On Tuesday, Asian shares traded cautiously and bonds suffered minor losses as investors braced for a busy week of central bank meetings, earnings reports, and key U.S. economic data.
The Federal Reserve of the United States is widely expected to raise interest rates by 25 basis points (bps) on Wednesday. Both the Bank of England and the European Central Bank are expected to raise interest rates by 50 basis points on Thursday.
Meanwhile, more than 100 S&P 500 companies, including Apple, Amazon.com, and Google parent Alphabet, are expected to report earnings this week, as well as the release of closely watched U.S. employment figures.
"It's a big week for both central banks and US equities, with... some of the household names due to make earnings announcements that will provide a micro overview of the macro economy," ANZ analysts wrote in a note.
"We anticipate a 25 basis point (bps) rate increase and anticipate the Fed will warn against an early pause in the tightening cycle... Risk appetite may be vulnerable to a correction."
MSCI's broadest index of Asia-Pacific shares outside Japan was down 0.1% early in the Asian trading day.
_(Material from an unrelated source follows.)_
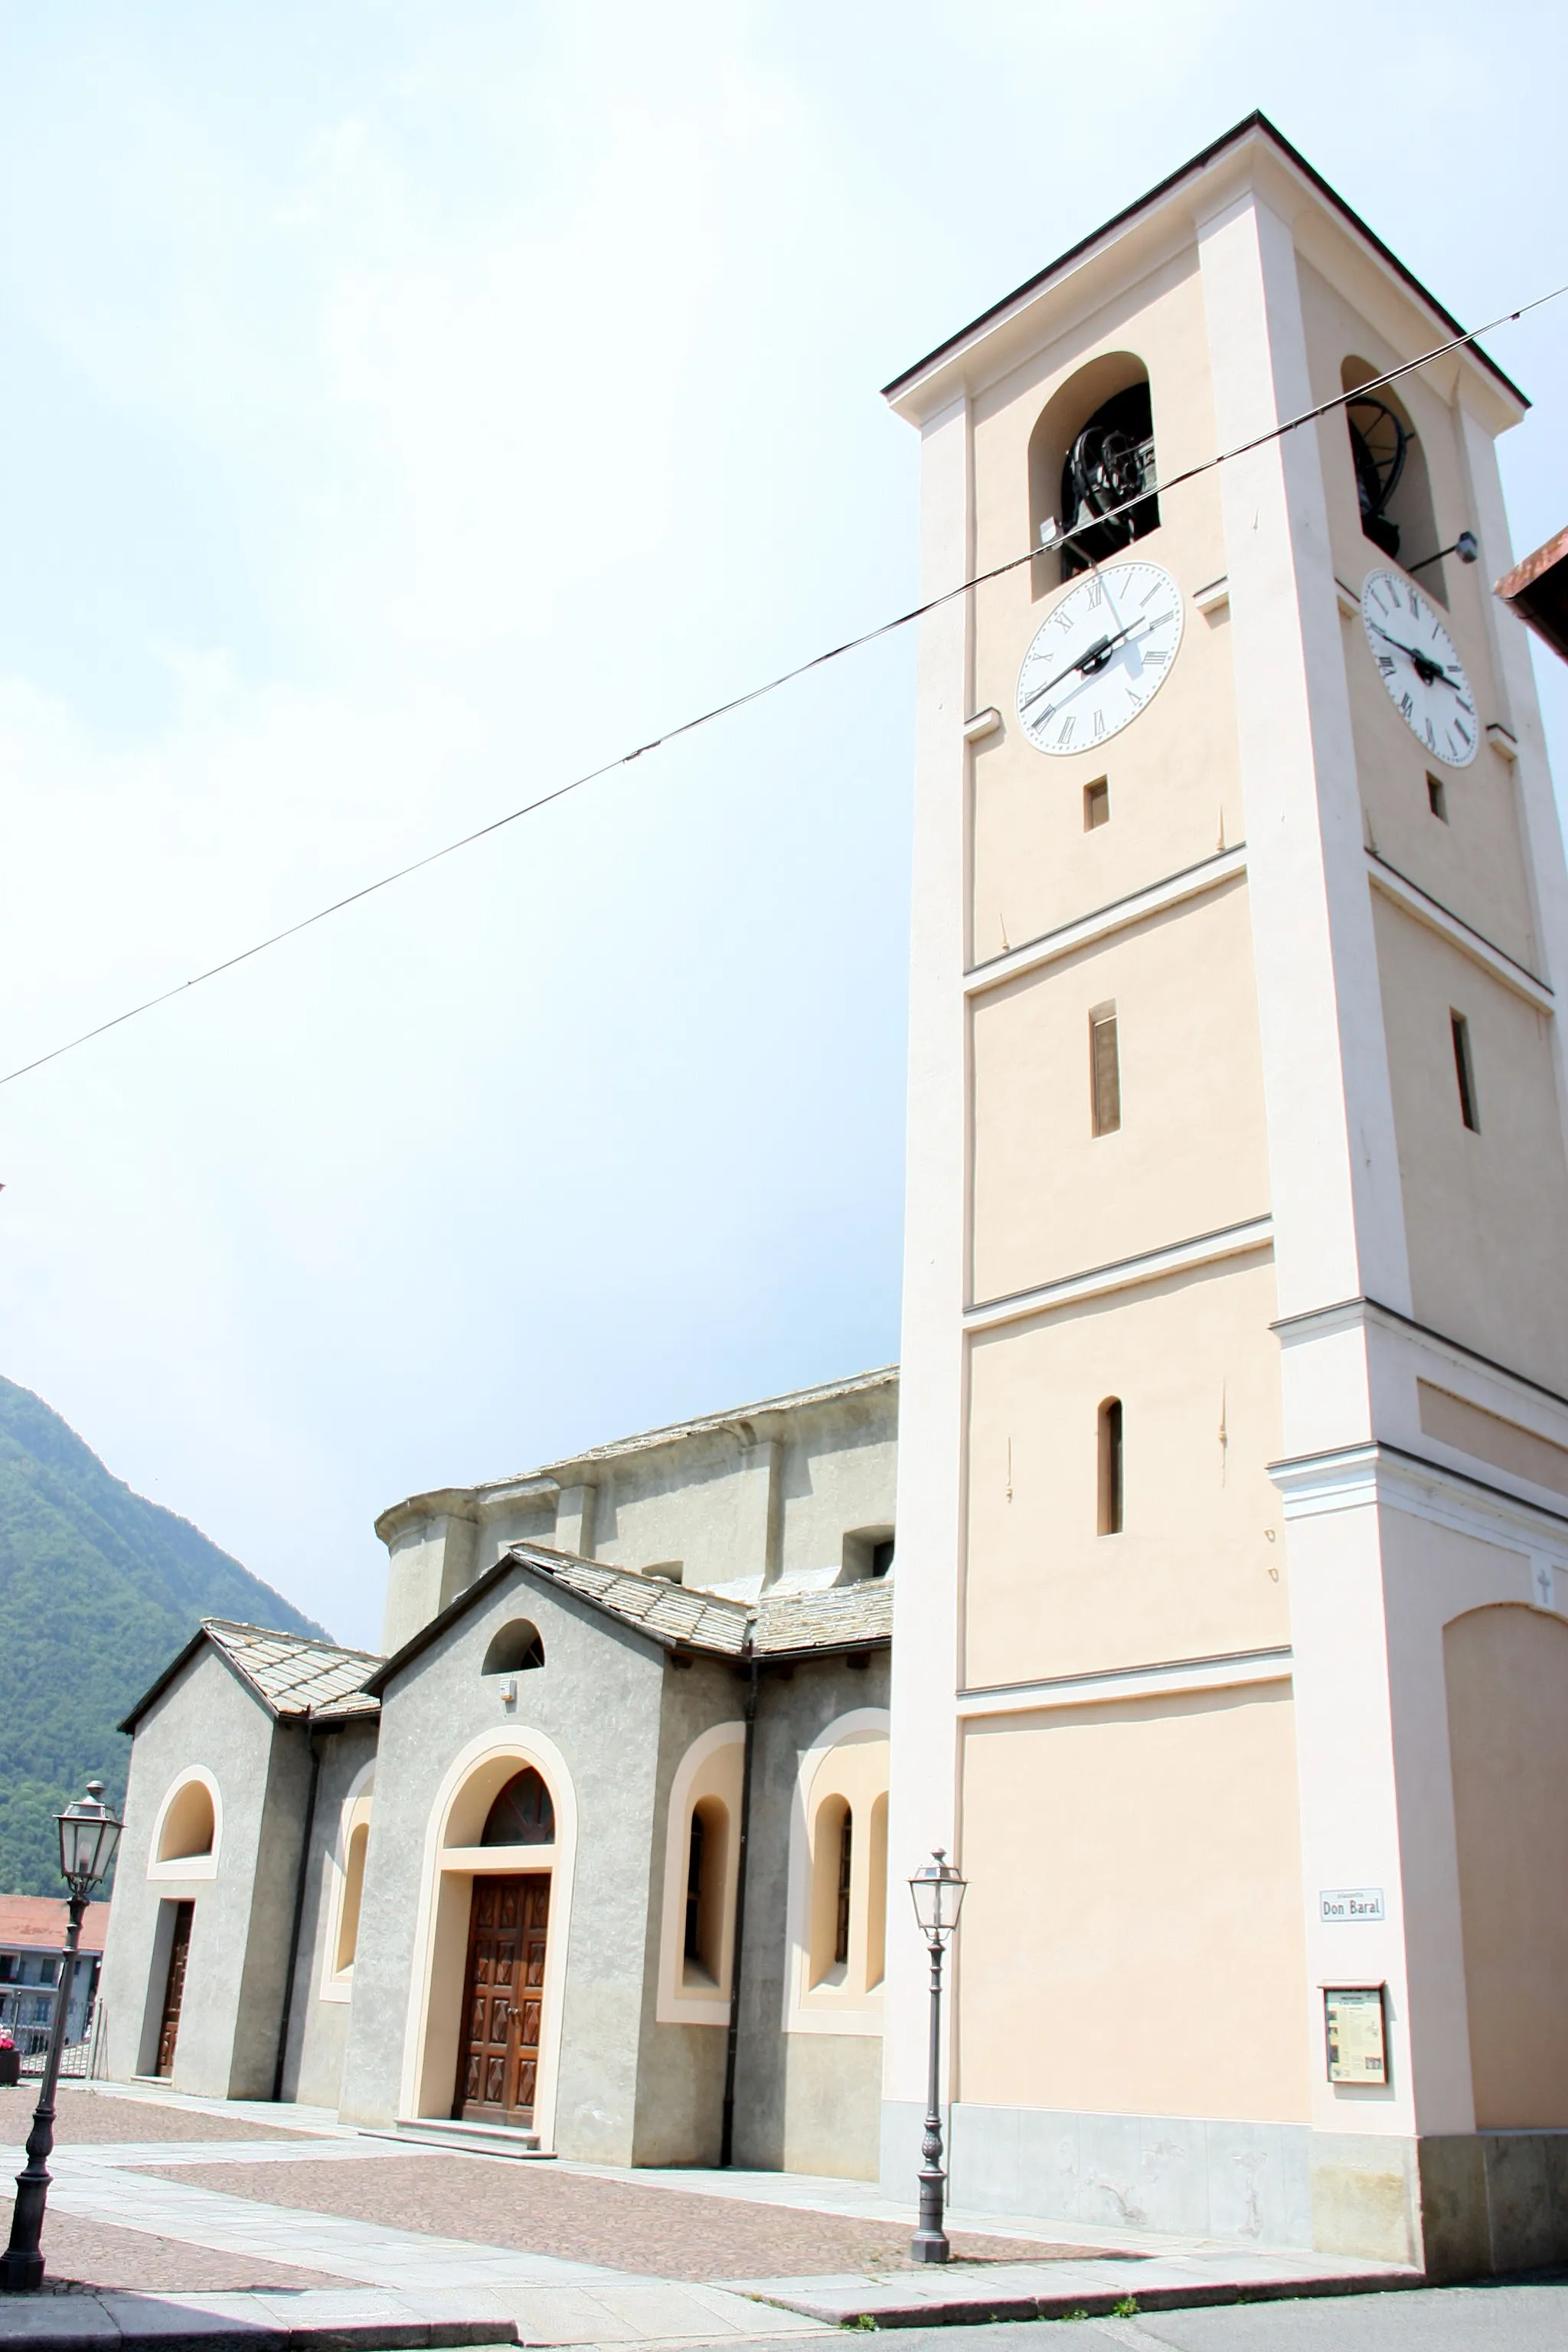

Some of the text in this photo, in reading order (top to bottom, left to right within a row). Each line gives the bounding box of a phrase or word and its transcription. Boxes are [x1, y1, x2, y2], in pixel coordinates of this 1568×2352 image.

[1054, 610, 1075, 635] XI
[1323, 1899, 1380, 1916] Don Baral
The S&P 500 e-minis in the United States rose 0.1%.
The Nikkei stock index in Japan fell 0.1%, while Australian shares rose 0.2%.
In early trade, China's blue-chip CSI300 index remained unchanged. The Hang Seng index in Hong Kong opened 0.4% higher.
On Monday, U.S. stocks fell, with the major indexes sinking as shares of technology and other large corporations fell.
The Dow Jones Industrial Average fell 0.8% to 33,717.09, the S&P 500 fell 1.3% to 4,017.77, and the Nasdaq Composite fell 2.0% to 11,393.81.
Despite Monday's losses, the S&P 500 was on track to post its largest January gain since 2019.
Investors will be watching Chair Jerome Powell's news conference at the end of the Fed's two-day policy meeting on Wednesday for clues on whether the rate-hiking cycle is coming to an end, as well as indications of how long rates could remain elevated.
Markets will also deal with a deluge of US economic data, culminating in Friday's January payrolls report. Investors see signs of labour market weakness as a key factor in bringing down high inflation.
Treasury yields in the United States remained firm ahead of central bank meetings and economic data, with the yield on benchmark 10-year Treasury notes US10YT=RR standing at 3.5384 percent, up from 3.551 percent on Monday.
The two-year yield, which rises as traders expect higher Fed fund rates, reached 4.2402 percent, compared to 4.261 percent at the close in the United States.
In terms of currencies, the US dollar was down at 102.19 against a basket of other major currencies, heading for its fourth month of declines.
The European single currency was up 0.1% on the day at $1.0852, after rising 1.4% in a month.
Oil prices fell on Monday ahead of expected central bank hikes and signs of strong Russian exports in the energy market.
Crude oil in the United States rose 0.2% to $78.02 per barrel, while Brent crude settled at $84.9 per barrel early in the Asian session.
Gold was marginally higher. The spot price of gold was $1922.91 per ounce.